## PROMPT:
Restate all entries word for word, minus pictures.

Images for object localization:
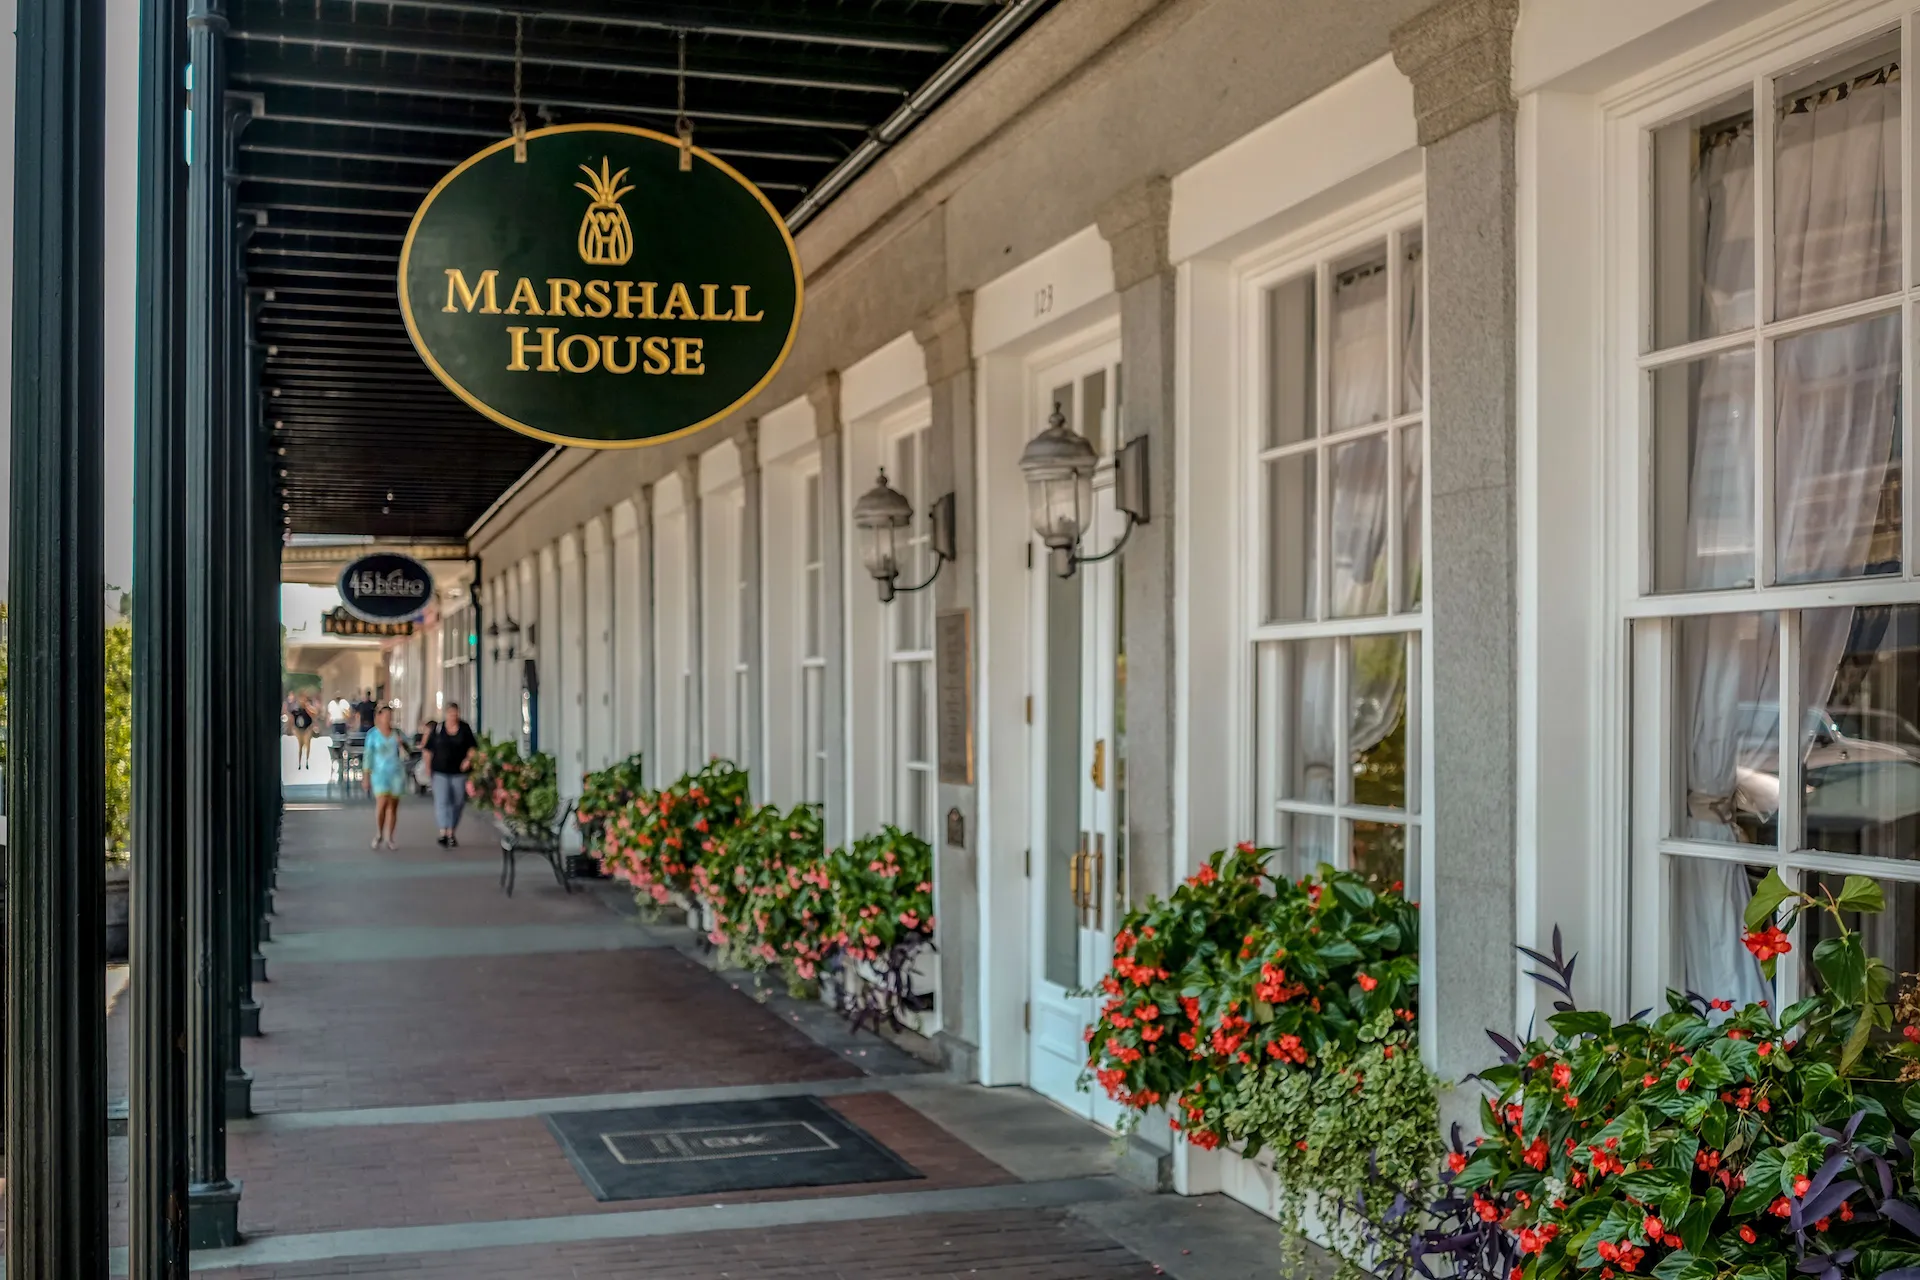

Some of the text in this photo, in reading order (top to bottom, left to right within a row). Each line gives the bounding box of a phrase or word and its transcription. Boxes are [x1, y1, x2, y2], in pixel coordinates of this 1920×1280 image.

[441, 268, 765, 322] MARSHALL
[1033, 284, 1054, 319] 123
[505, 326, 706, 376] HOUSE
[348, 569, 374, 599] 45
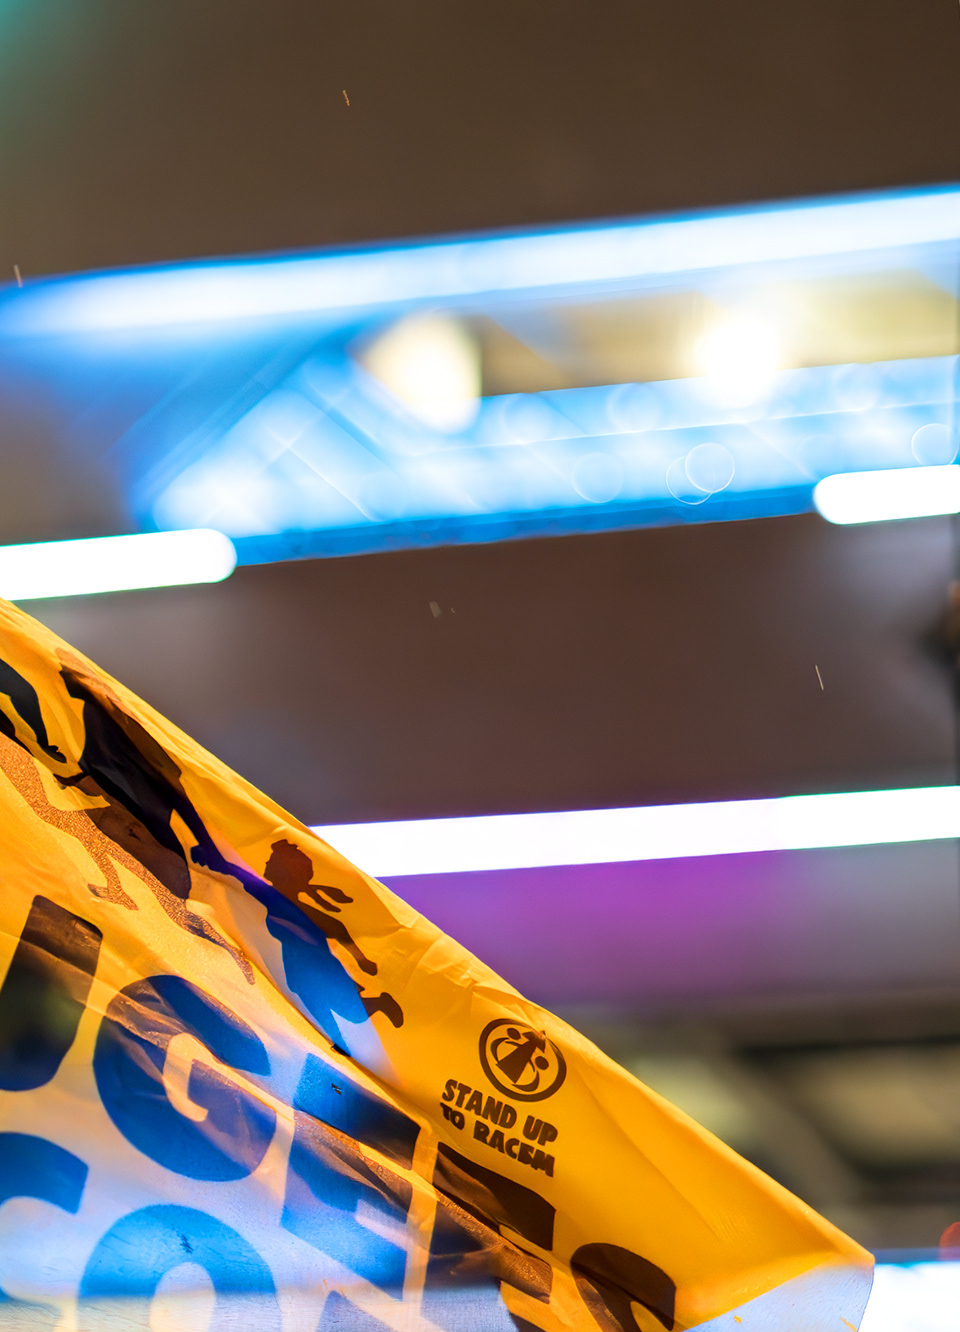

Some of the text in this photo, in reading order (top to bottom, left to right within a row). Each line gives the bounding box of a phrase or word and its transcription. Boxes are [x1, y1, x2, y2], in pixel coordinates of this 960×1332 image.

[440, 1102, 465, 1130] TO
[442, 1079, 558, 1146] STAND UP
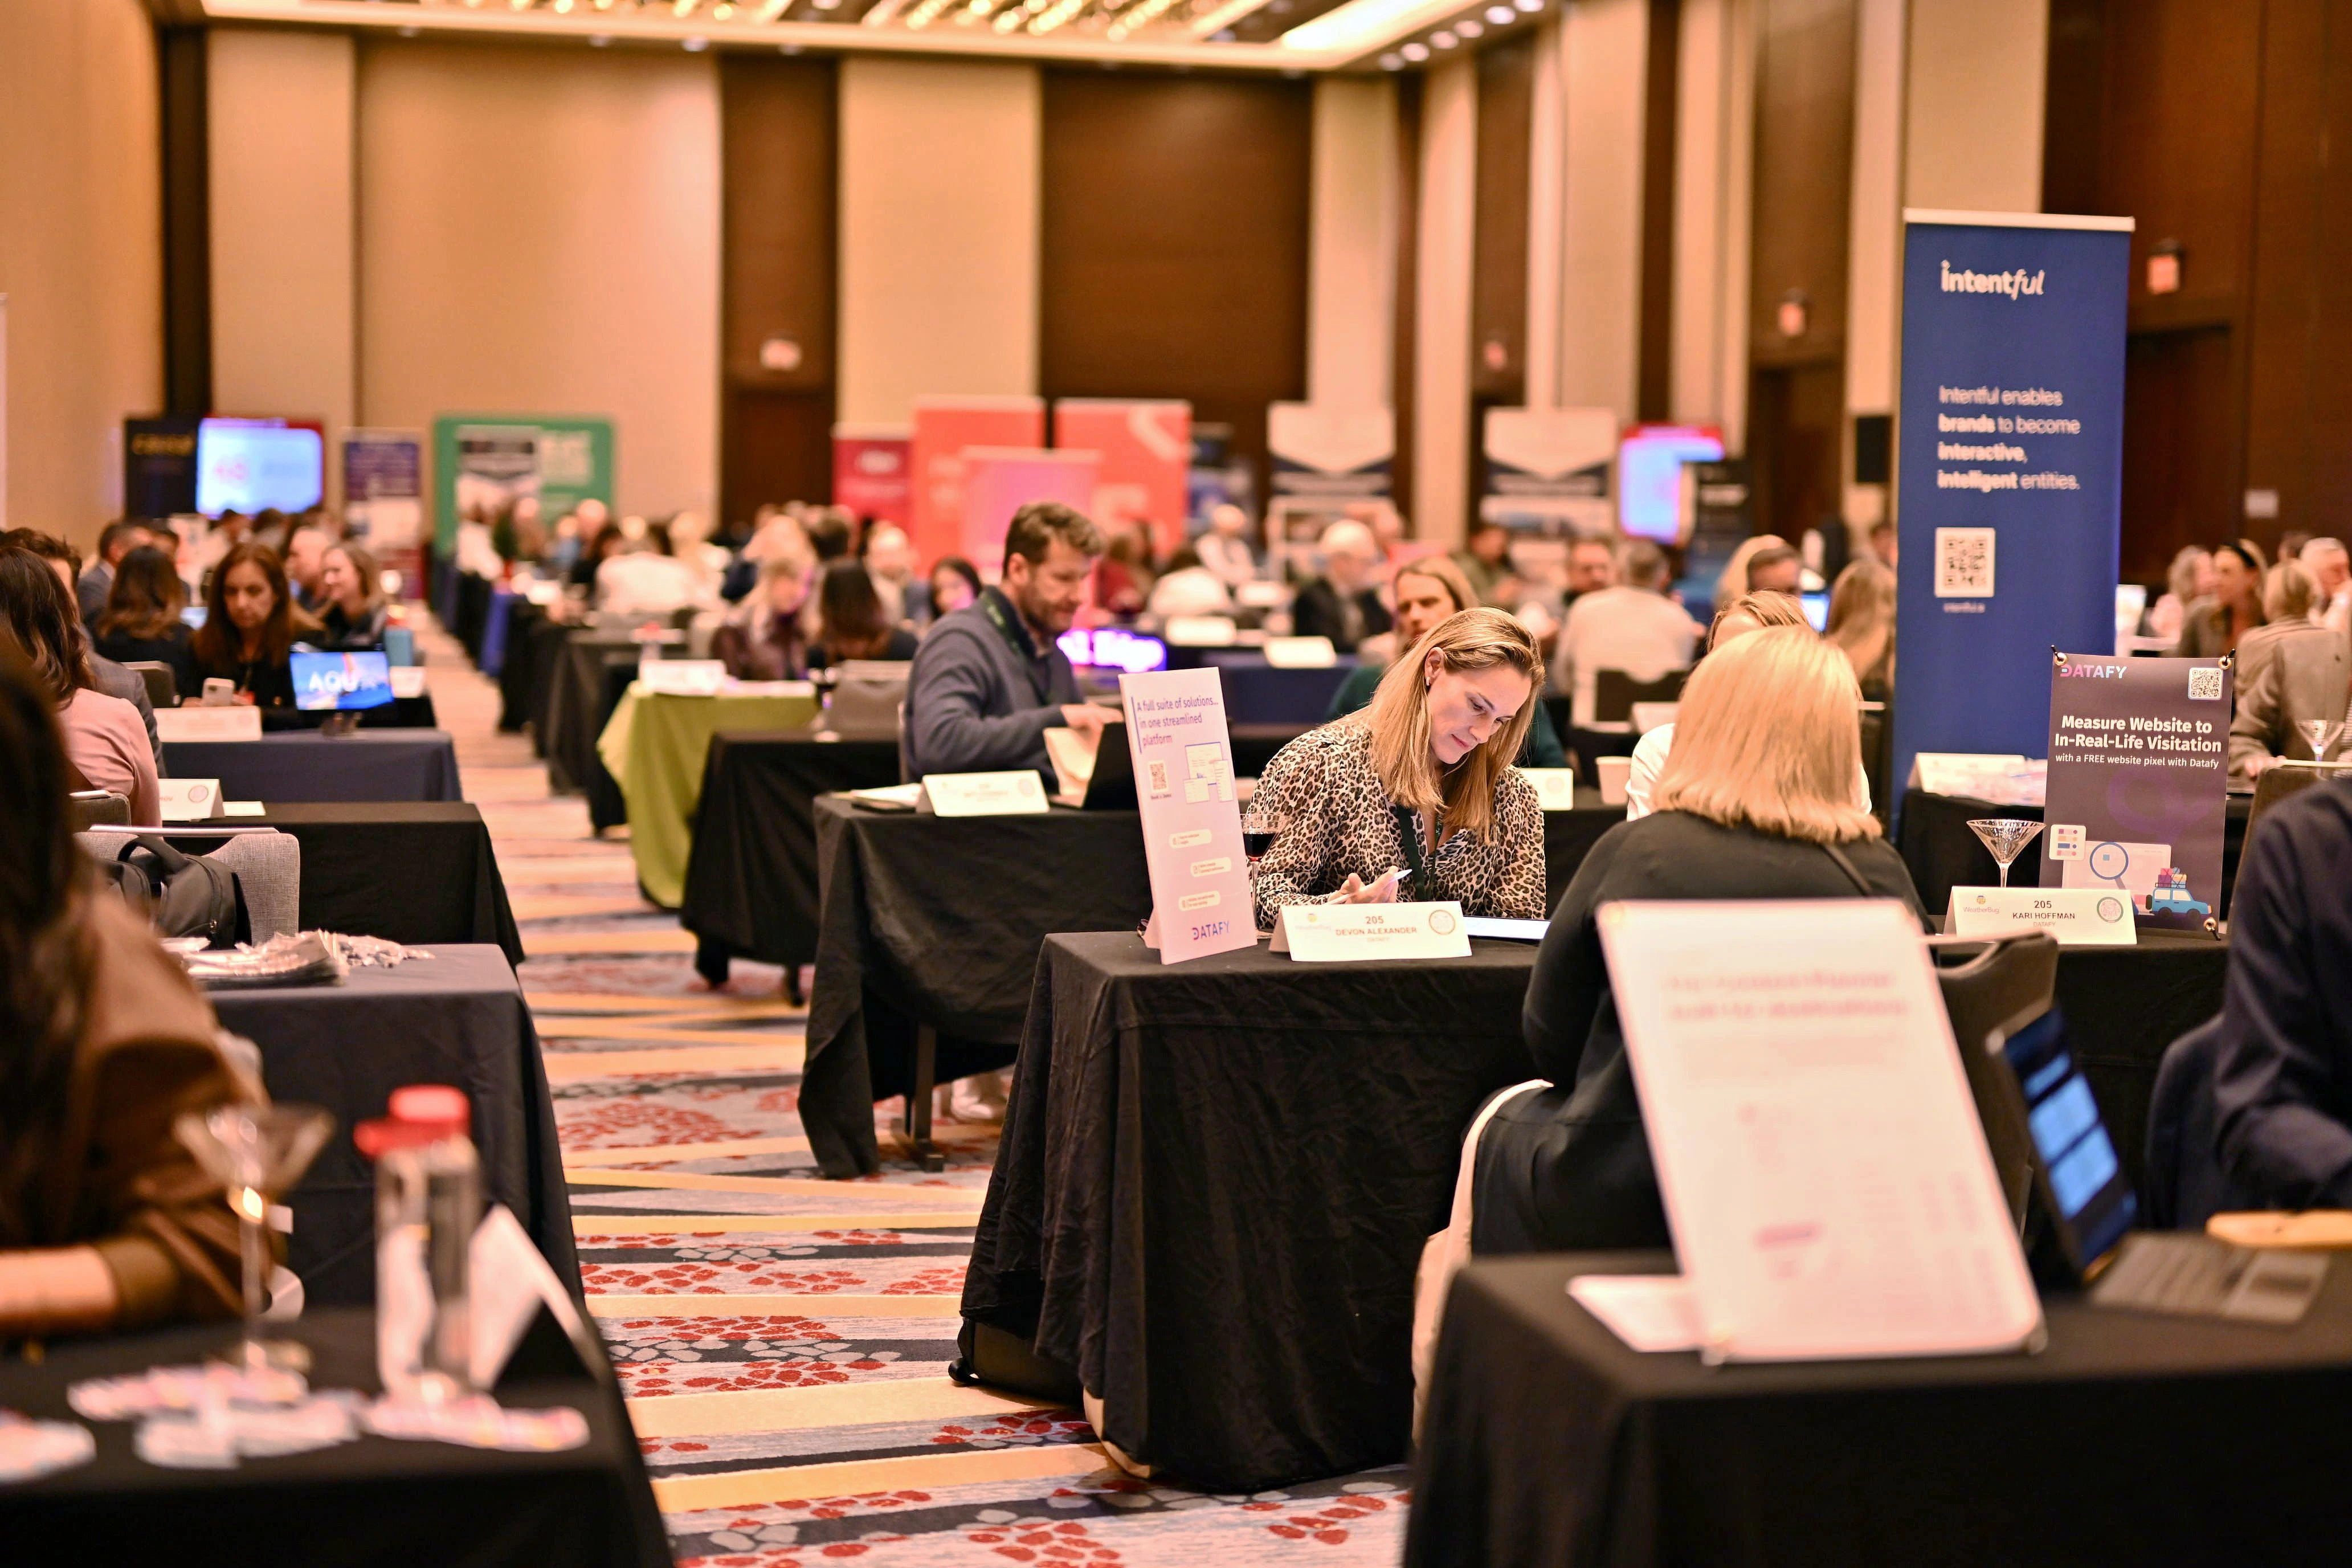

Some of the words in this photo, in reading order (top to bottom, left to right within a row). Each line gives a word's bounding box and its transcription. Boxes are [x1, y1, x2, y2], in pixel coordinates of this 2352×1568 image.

## WRITTEN ANSWER:
Some of the text in this photo, in reading order (top to bottom, left to right within a row). Each line gives the bounding box of a phrase or word and its transcription. Boxes are [x1, y1, x2, y2], in pixel coordinates of this 1920×1280 image.

[441, 268, 765, 322] MARSHALL
[1033, 284, 1054, 319] 123
[505, 326, 706, 376] HOUSE
[348, 569, 374, 599] 45

Some of the text in this photo, in reading order (top to bottom, left to right within a row). Each line gives the bounding box of a phrase or word and its transcription. Boxes are [x1, y1, x2, y2], in pixel coordinates of this 960×1332 image.

[440, 1102, 465, 1130] TO
[442, 1079, 558, 1146] STAND UP

Some of the words in this photo, in reading order (top to bottom, left to right within a row). Each line gives a word's bounding box and its transcription. Boxes are [x1, y1, x2, y2], in pixel coordinates of this 2352×1568 image.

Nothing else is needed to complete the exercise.